It was easy for Florida GOP Sen. Marco Rubio to describe the difficulty of reforming Medicaid’s disproportionate-share hospital payment formulas.
“Obviously, it depends on states that are benefiting from the current formula versus those that are not,” he told Modern Healthcare earlier this month. “So, it’ll be a tough fight but one we’re going to pursue because it’s fair.”
The program pays about $12 billion annually to states. It’s one of several funding boosts to Medicaid payments for hospitals. But the amount per state fluctuates vastly, locked in at a formula unchanged since 1992. The winners and losers are so distinct it’s difficult for national hospital trade groups to weigh in because state interests are at odds.
This “food fight problem” is by far the biggest hurdle to change, said Shawn Gremminger of the Washington-based advocacy group Families USA. He has worked for years on Medicaid issues including DSH.
“You have a system where there is a defined set of dollars as defined by the aggregate DSH allotments around the country,” Gremminger said. “And unless we’re in a world where we’re growing it, we’re either shrinking the net or rearranging who gets the money, which means some states are guaranteed to lose.”
The leverage for those who want to change the DSH formula is time, driven by the $4 billion in DSH payment cuts mandated by the Affordable Care Act that are slated to start Oct. 1. The states that get the most DSH dollars now would see the biggest financial blow.
Hospital groups, including the American Hospital Association, want a two-year delay to these cuts, which were originally supposed to start in fiscal 2014 but have been repeatedly pushed back by lawmakers. But hospitals have been put on notice that they may need to help pay for them with cuts elsewhere—a nonstarter according to one lobbyist.
A spokesperson for Senate Finance Committee Chair Chuck Grassley (R-Iowa) last week said the senator is considering changes to the formula. “Delay is nothing more than a short-term, budgetary gimmick,” the spokesperson said. “To kick the can down the road any farther without policy changes would be a missed opportunity to ensure sustainability of the program.”
Rubio jump-started legislative talk around DSH reform late last year, suggesting that a state’s DSH allotment be based on its national share of adults living below the federal poverty level.
His state would see a huge boost. Currently, Florida, where about 3.3 million people are uninsured, gets the exact same federal DSH allotment down to the dollar as Connecticut, where about 245,000 people are uninsured.
This breaks down to Florida hospitals receiving less than $70 per uninsured person while Connecticut hospitals get about $921, according to 2018 analysis of 2014 data by the Medicaid and Chip Payment and Access Commission.

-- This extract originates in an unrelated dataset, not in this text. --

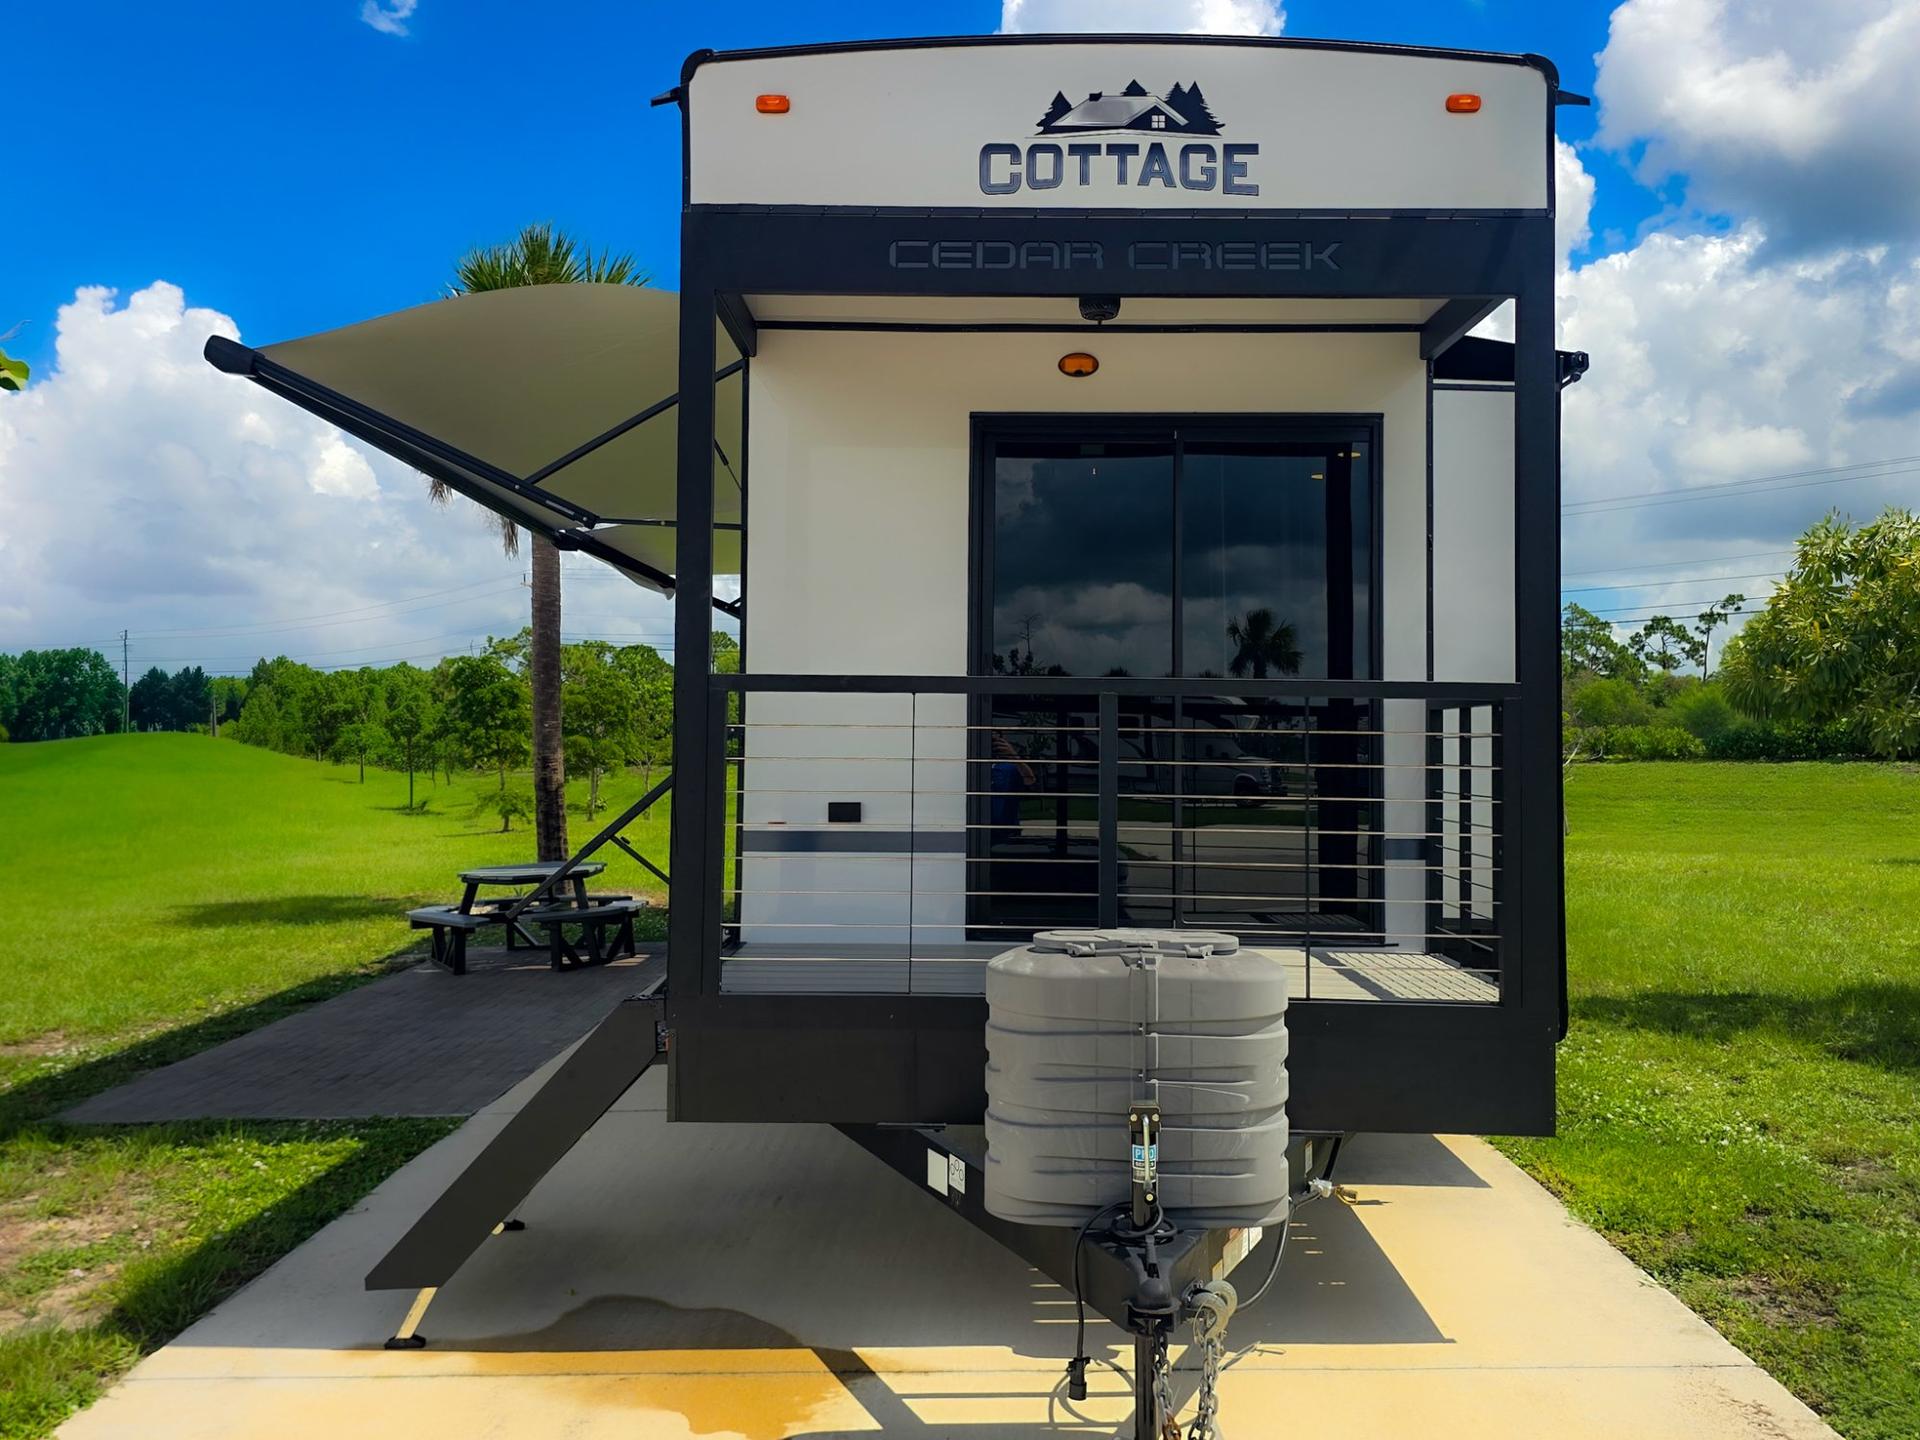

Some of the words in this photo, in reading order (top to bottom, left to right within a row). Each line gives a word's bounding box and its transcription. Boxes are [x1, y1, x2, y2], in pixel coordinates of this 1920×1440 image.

[979, 142, 1260, 197] COTTAGE
[888, 240, 1105, 270] CEDAR
[1128, 240, 1344, 271] CREEK

The DSH funding map can be very much at odds with a state’s uncompensated-care costs. Rhode Island’s DSH payment equals more than 200% of the state’s hospital uncompensated-care costs, according to MACPAC. Iowa’s is less than 15% of those costs. New Hampshire’s DSH payment is more than 350% of its uncompensated care, whereas for Montana it is just over 8%. For Utah it’s 7.6%.
MACPAC described the disconnect between DSH money and a hospital’s uncompensated-care costs in its latest report to Congress published on Friday.

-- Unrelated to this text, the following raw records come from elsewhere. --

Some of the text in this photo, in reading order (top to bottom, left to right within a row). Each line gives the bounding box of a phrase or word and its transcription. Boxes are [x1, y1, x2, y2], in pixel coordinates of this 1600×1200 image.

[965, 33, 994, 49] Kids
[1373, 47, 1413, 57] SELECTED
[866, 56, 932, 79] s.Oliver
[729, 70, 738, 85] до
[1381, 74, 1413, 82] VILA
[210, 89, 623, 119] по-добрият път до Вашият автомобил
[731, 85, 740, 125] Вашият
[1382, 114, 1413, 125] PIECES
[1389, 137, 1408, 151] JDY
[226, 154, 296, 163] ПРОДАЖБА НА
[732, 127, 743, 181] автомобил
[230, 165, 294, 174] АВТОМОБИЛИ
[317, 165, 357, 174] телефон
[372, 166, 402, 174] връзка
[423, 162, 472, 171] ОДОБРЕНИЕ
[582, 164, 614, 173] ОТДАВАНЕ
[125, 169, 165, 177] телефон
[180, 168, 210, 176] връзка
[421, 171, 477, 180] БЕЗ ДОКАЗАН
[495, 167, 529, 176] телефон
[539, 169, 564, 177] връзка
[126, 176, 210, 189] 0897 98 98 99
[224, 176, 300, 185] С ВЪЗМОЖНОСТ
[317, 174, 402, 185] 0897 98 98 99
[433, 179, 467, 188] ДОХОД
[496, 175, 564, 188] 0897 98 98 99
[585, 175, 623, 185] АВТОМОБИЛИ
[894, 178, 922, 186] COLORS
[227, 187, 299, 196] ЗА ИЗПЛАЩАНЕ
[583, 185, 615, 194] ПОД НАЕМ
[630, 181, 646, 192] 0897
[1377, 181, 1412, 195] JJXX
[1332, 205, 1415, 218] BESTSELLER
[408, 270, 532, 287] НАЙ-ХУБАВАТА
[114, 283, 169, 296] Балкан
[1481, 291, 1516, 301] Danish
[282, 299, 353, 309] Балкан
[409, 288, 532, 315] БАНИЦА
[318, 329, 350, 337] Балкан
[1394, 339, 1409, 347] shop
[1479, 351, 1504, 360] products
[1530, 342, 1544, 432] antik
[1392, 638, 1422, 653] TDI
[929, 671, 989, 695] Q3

DSH also sets up a food fight among hospitals within states. Congress has stayed out of the question of which hospitals should get the most money, even though federal law requires states to dispense DSH dollars to hospitals with a certain amount of Medicaid or low-income patients.
Public university medical centers administered by the states often benefit the most. In Arkansas for example, the University of Arkansas for Medical Sciences gets almost the entire state sum, about $62 million in 2012, according to the last available audit. Nebraska Medical Center received $121 million in combined dollars from Nebraska and Iowa, while the University of Iowa Hospitals & Clinics received nearly $48 million. Most of Iowa’s other DSH hospitals received allotments in the low millions.

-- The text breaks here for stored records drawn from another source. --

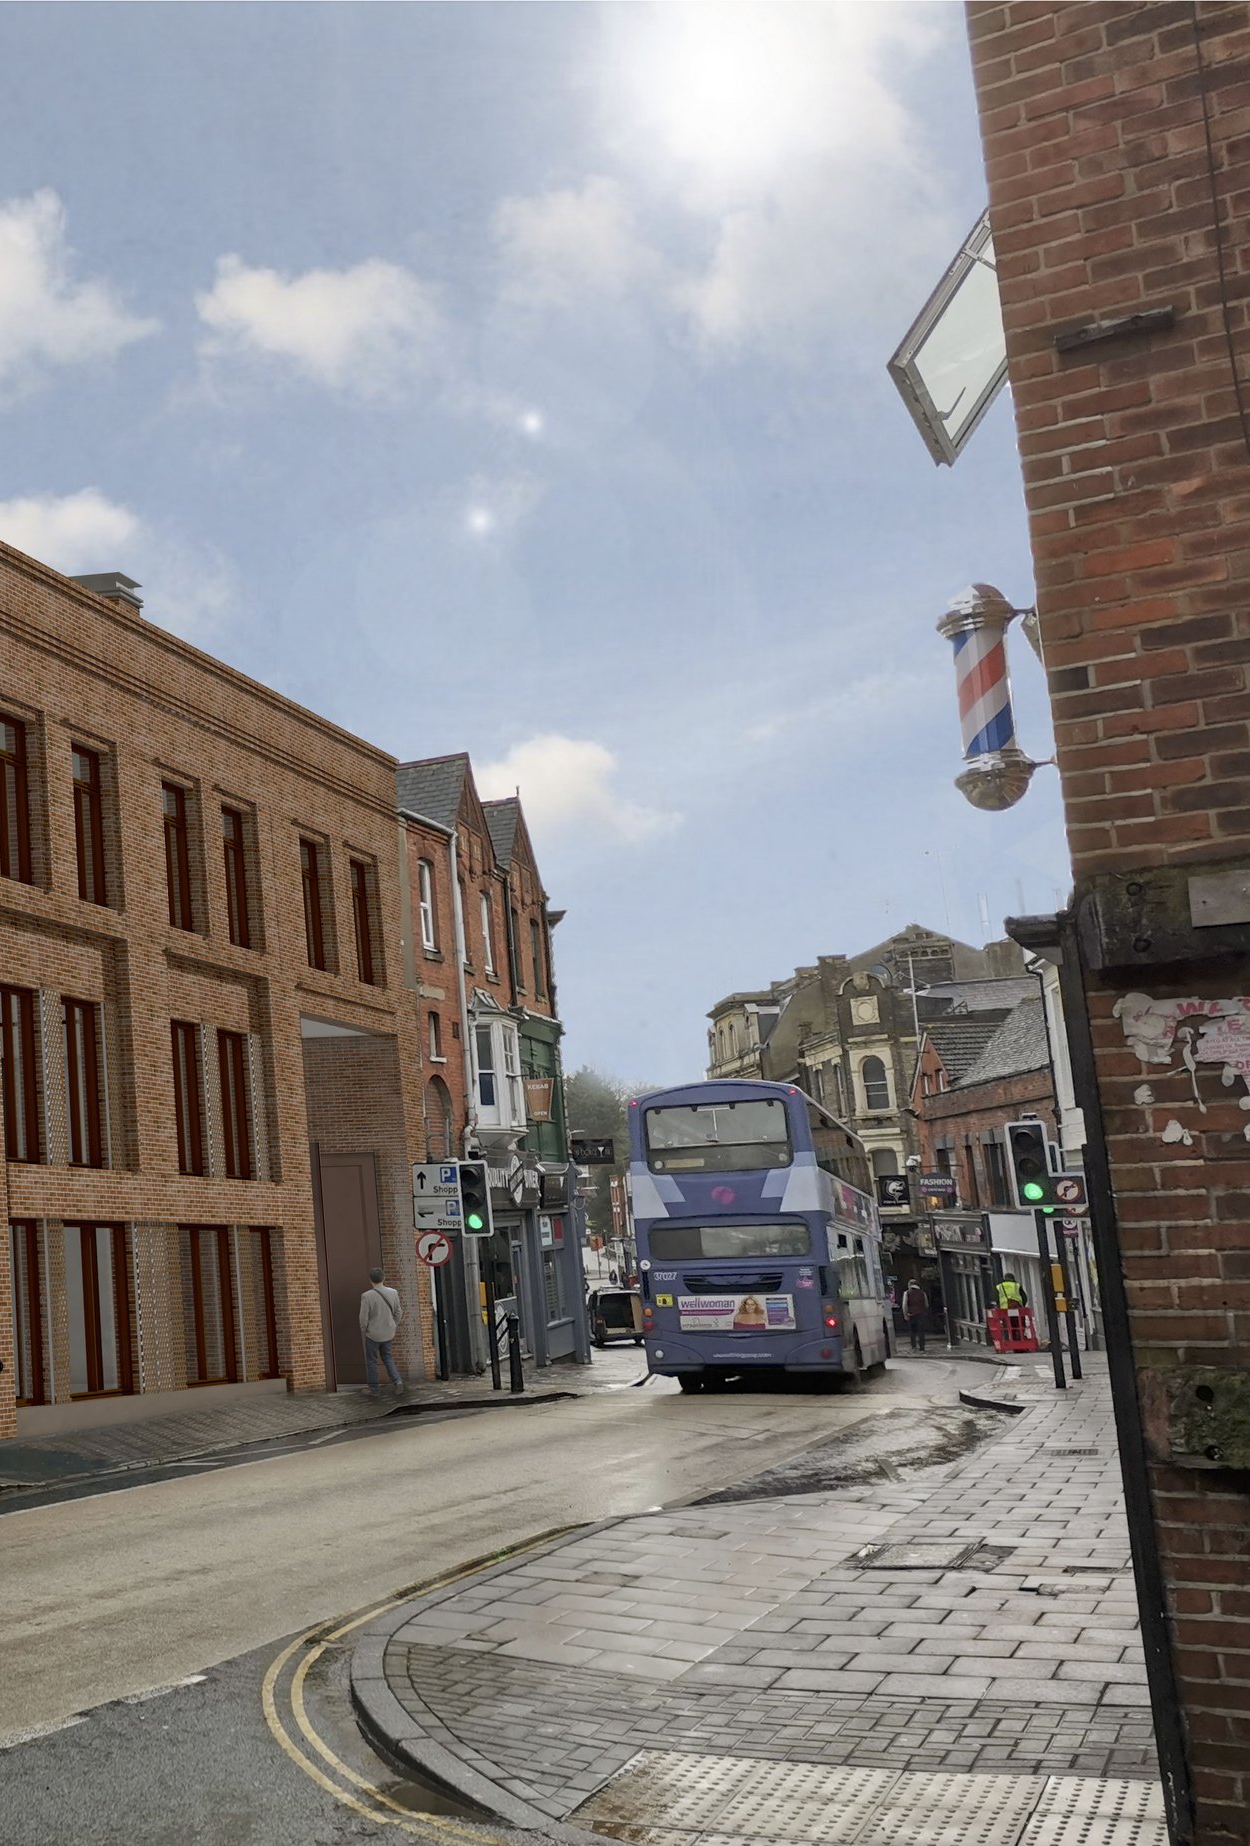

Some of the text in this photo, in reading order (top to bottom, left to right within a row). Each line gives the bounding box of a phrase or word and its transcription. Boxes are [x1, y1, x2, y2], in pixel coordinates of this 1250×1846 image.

[441, 1167, 451, 1182] P
[920, 1178, 952, 1186] FASHION
[446, 1200, 457, 1215] P
[653, 1271, 677, 1281] 37027
[680, 1297, 735, 1309] wellwoman

Then there’s the dicey federal fight spun from the nearly decadelong clash over the ACA’s Medicaid expansion. This came up as an issue in the GOP’s 2017 bills to repeal the ACA.
“I think the tough thing about it is, frankly, both sides have a legitimate point,” Gremminger said. “From the Democratic perspective, why on earth would we shift money in the direction of states that have been making a bad decision, turning down billions of dollars and covering fewer people? From a Republican perspective, why would we protect states that have lower rates of uncompensated care over those with higher rates of uncompensated care?”